(DATA EXTRACTS begins)
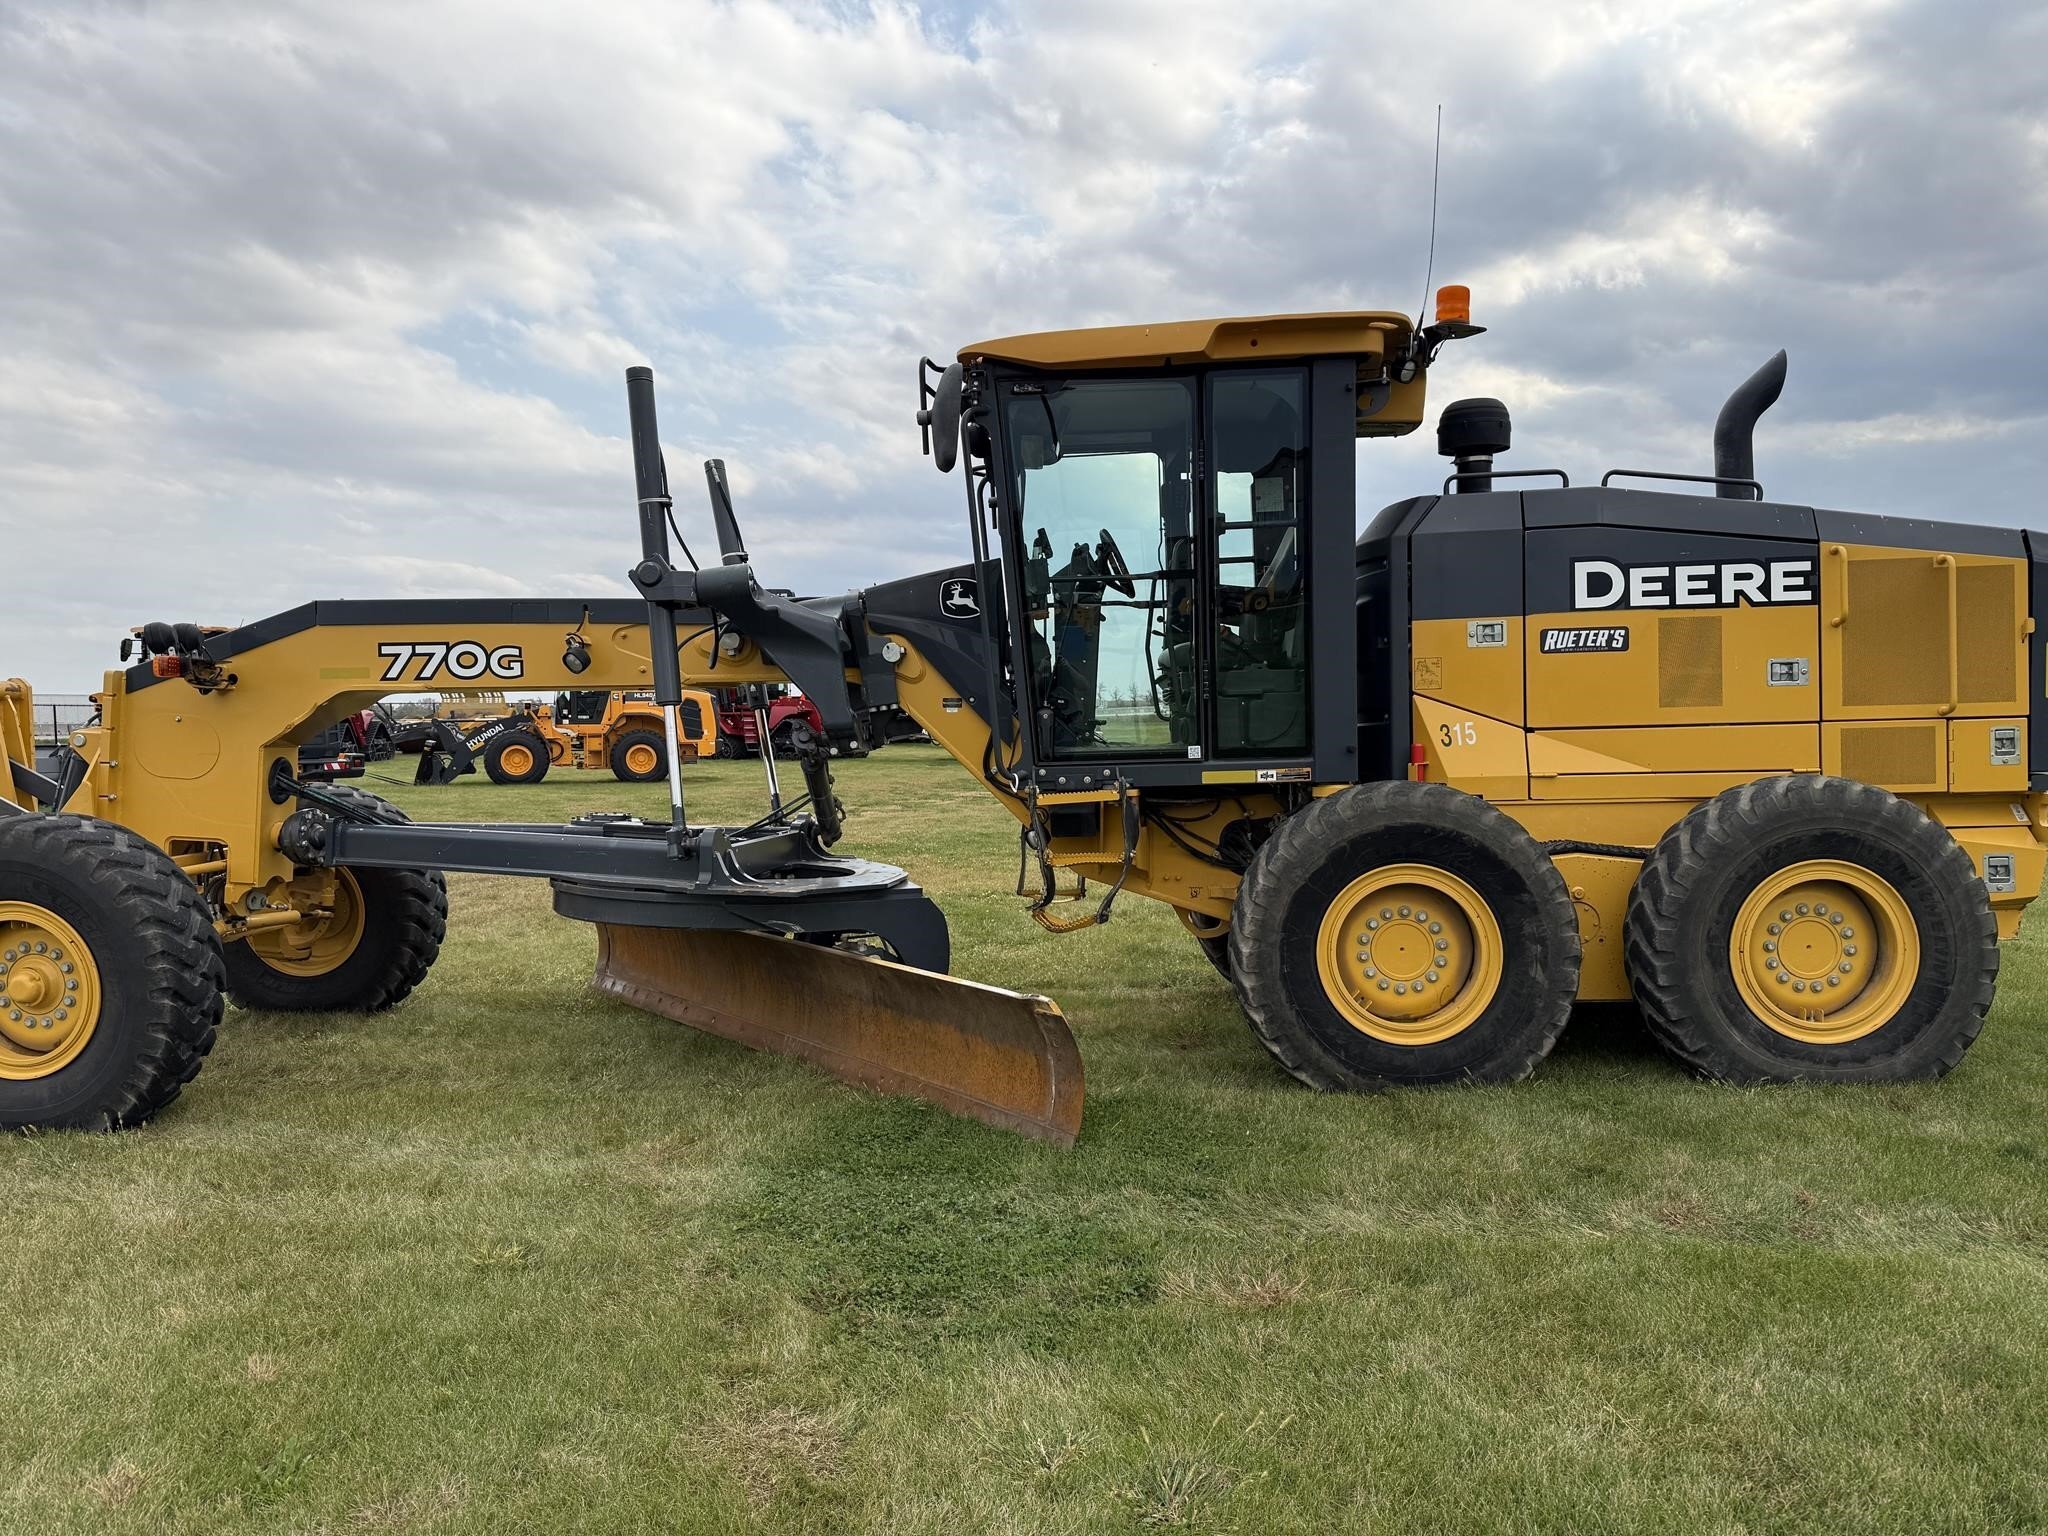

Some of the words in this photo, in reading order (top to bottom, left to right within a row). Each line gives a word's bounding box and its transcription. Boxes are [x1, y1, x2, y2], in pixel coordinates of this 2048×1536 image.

[1574, 560, 1812, 609] DEERE
[1544, 629, 1625, 651] RUETER'S
[378, 640, 523, 681] 770G
[465, 723, 505, 752] HYUNDAI
[1440, 721, 1477, 747] 315
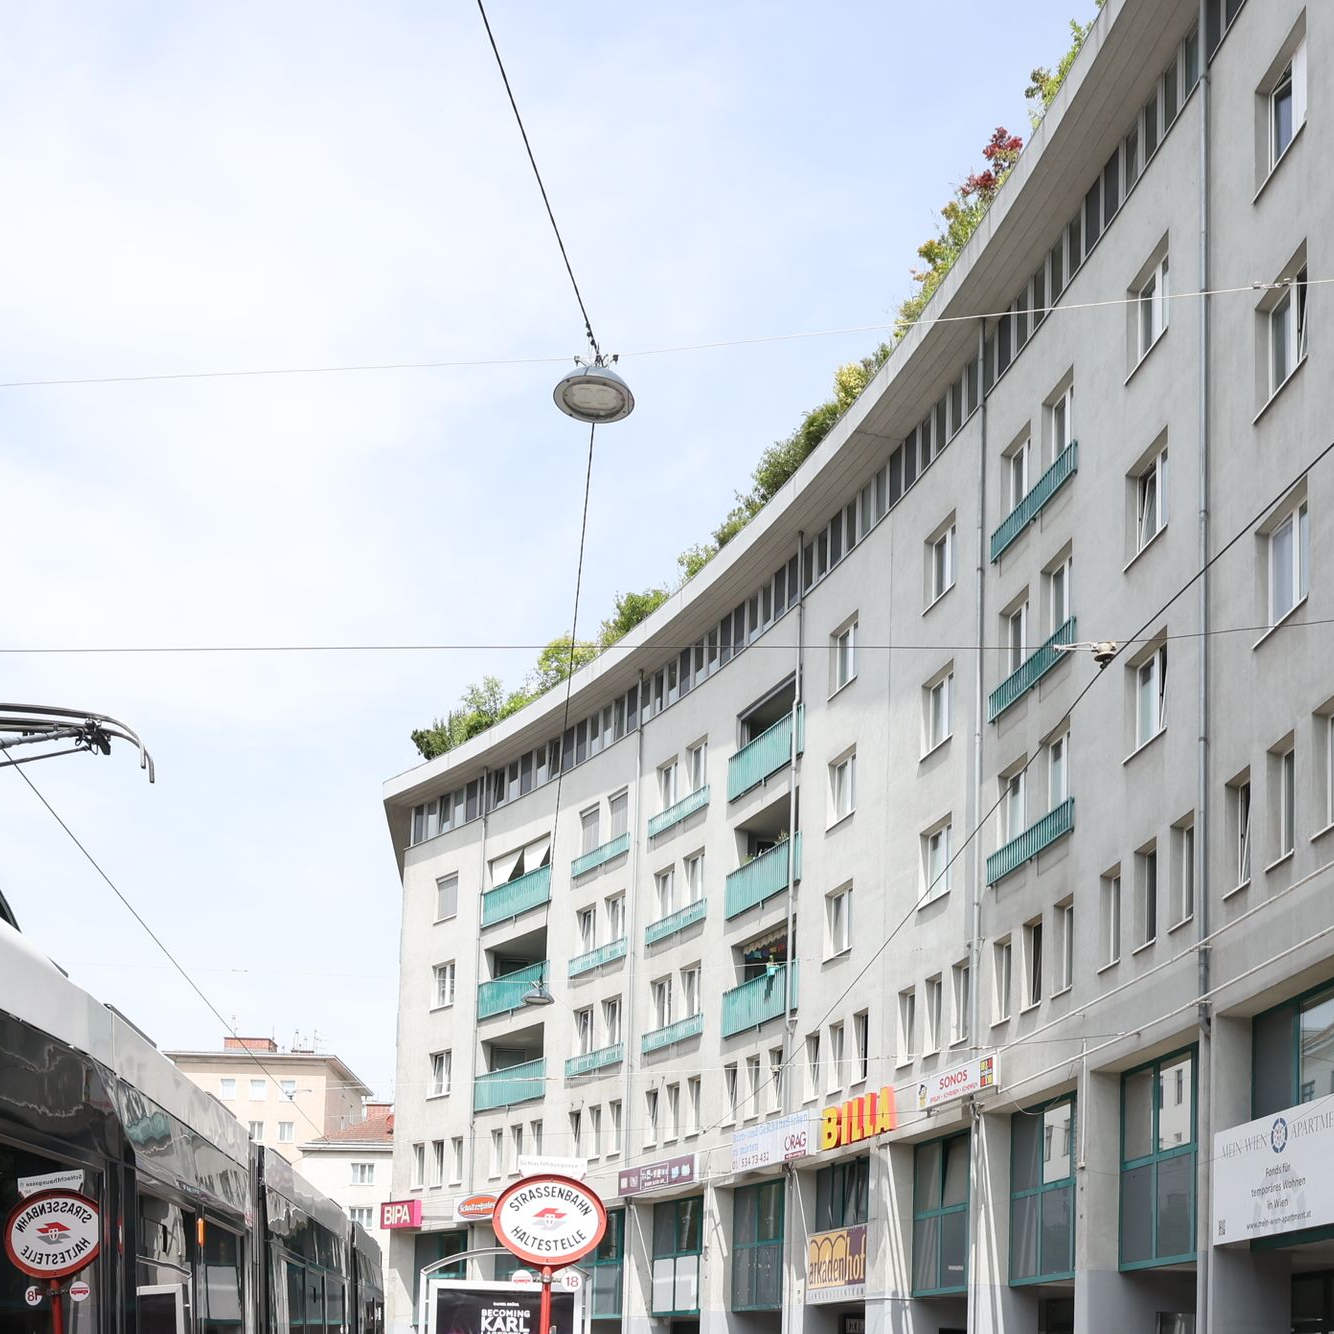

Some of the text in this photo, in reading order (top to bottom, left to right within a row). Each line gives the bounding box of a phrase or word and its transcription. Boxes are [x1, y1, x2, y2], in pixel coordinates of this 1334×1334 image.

[939, 1069, 968, 1090] SONOS
[822, 1086, 895, 1150] BILLA
[1265, 1162, 1291, 1177] Fonds für
[1251, 1177, 1306, 1198] temporäres Wohnen
[509, 1186, 593, 1216] STRASSENBAHN
[1267, 1198, 1289, 1210] in Wien
[383, 1204, 410, 1225] BIPA
[511, 1226, 587, 1251] HALTESTELLE
[565, 1276, 579, 1287] 18
[481, 1309, 531, 1318] BECOMING
[481, 1316, 530, 1332] KARL
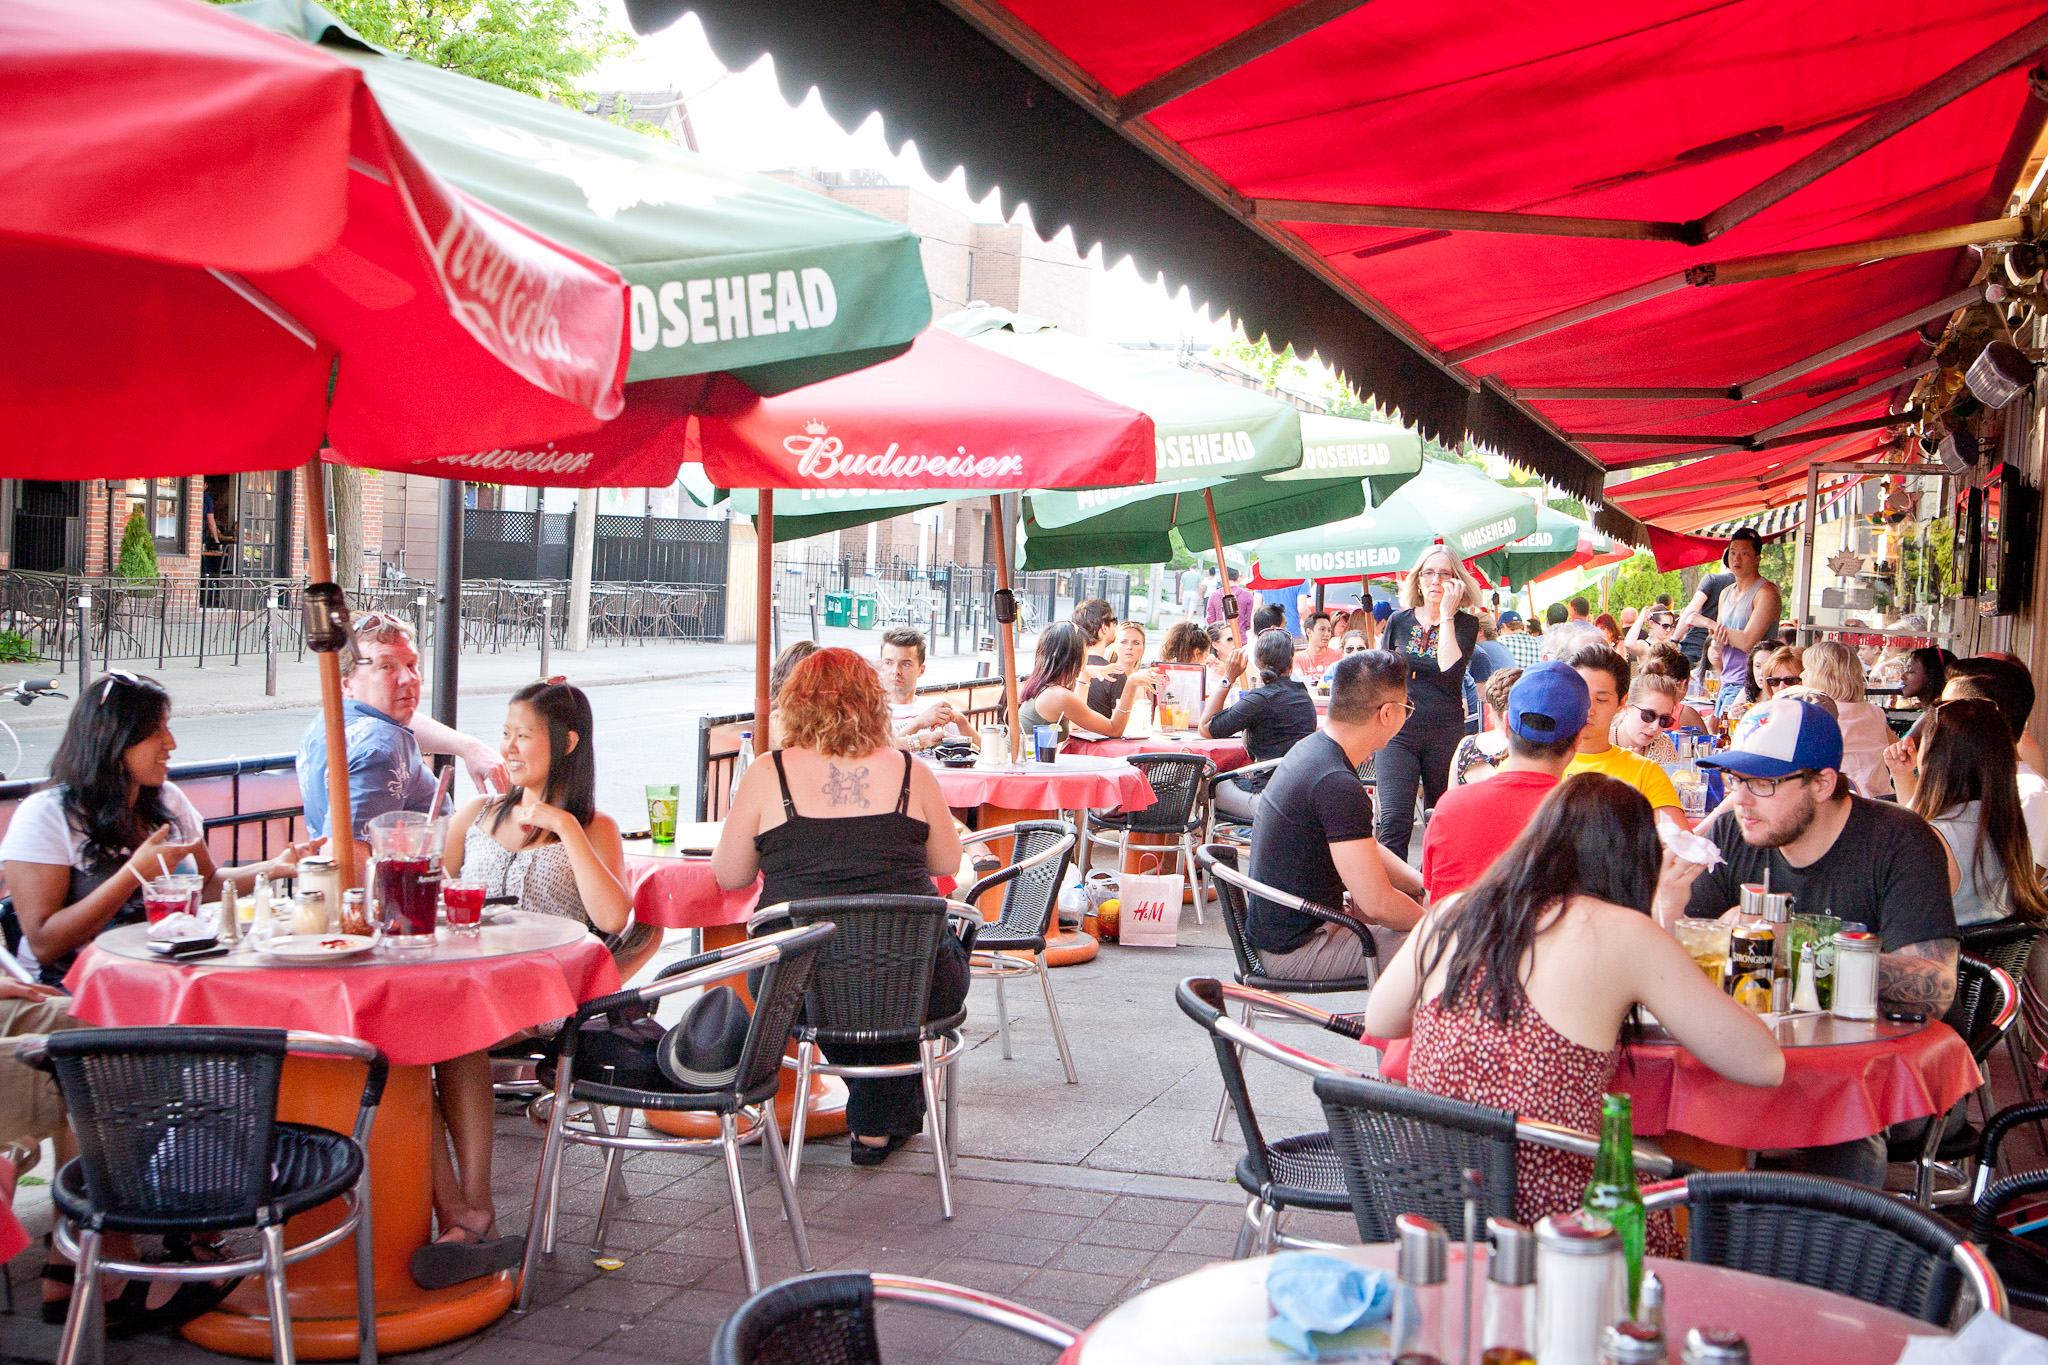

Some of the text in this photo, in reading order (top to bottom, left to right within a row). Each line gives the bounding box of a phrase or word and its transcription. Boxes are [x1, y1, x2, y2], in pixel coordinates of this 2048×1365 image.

[632, 267, 838, 351] OSEHEAD
[783, 436, 1023, 479] Budweiser
[1155, 431, 1256, 469] OSEHEAD
[1302, 443, 1390, 470] OOSEHEAD
[1461, 517, 1517, 550] MOOSEHEAD
[1295, 547, 1401, 572] MOOSEHEAD
[1133, 901, 1165, 922] H&M
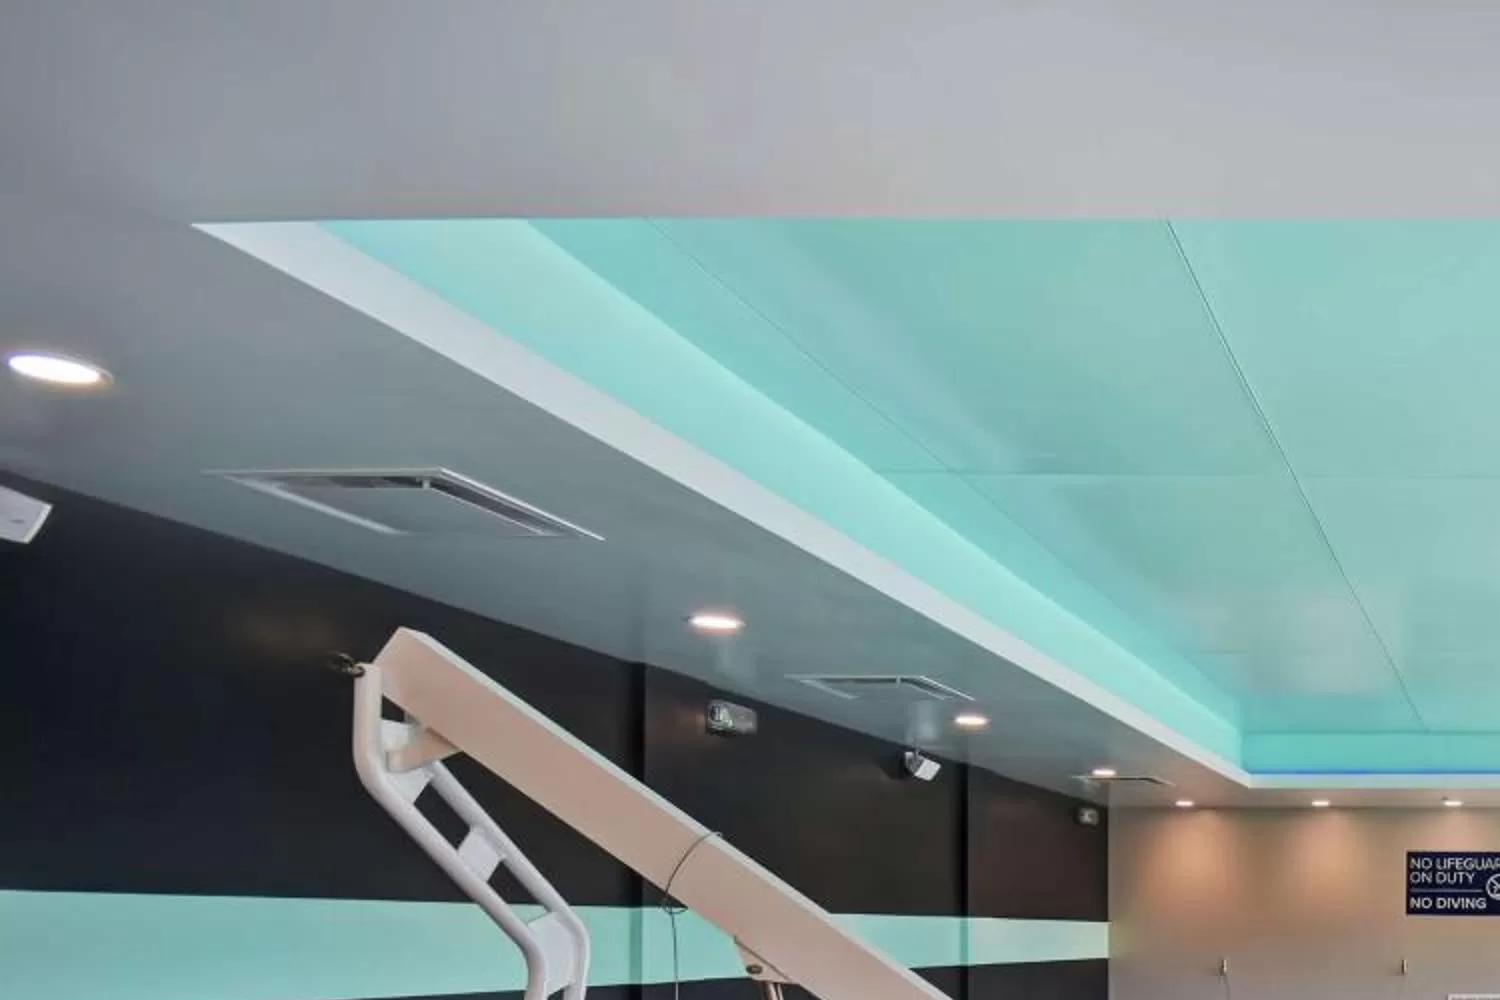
(DATA EXTRACTS ends)
THE TASK: Take the line containing "this 2048×1365 image." and every line after it up to the end of the entries, and quote them exactly. Both ends count; the pictures do not.

COMPLETED TASK:
Some of the text in this photo, in reading order (top to bottom, left to right within a row). Each line gives the bounding box of a phrase or word and its transcription. Boxes are [x1, y1, x2, y2], in pixel coordinates of this 2048×1365 image.

[632, 267, 838, 351] OSEHEAD
[783, 436, 1023, 479] Budweiser
[1155, 431, 1256, 469] OSEHEAD
[1302, 443, 1390, 470] OOSEHEAD
[1461, 517, 1517, 550] MOOSEHEAD
[1295, 547, 1401, 572] MOOSEHEAD
[1133, 901, 1165, 922] H&M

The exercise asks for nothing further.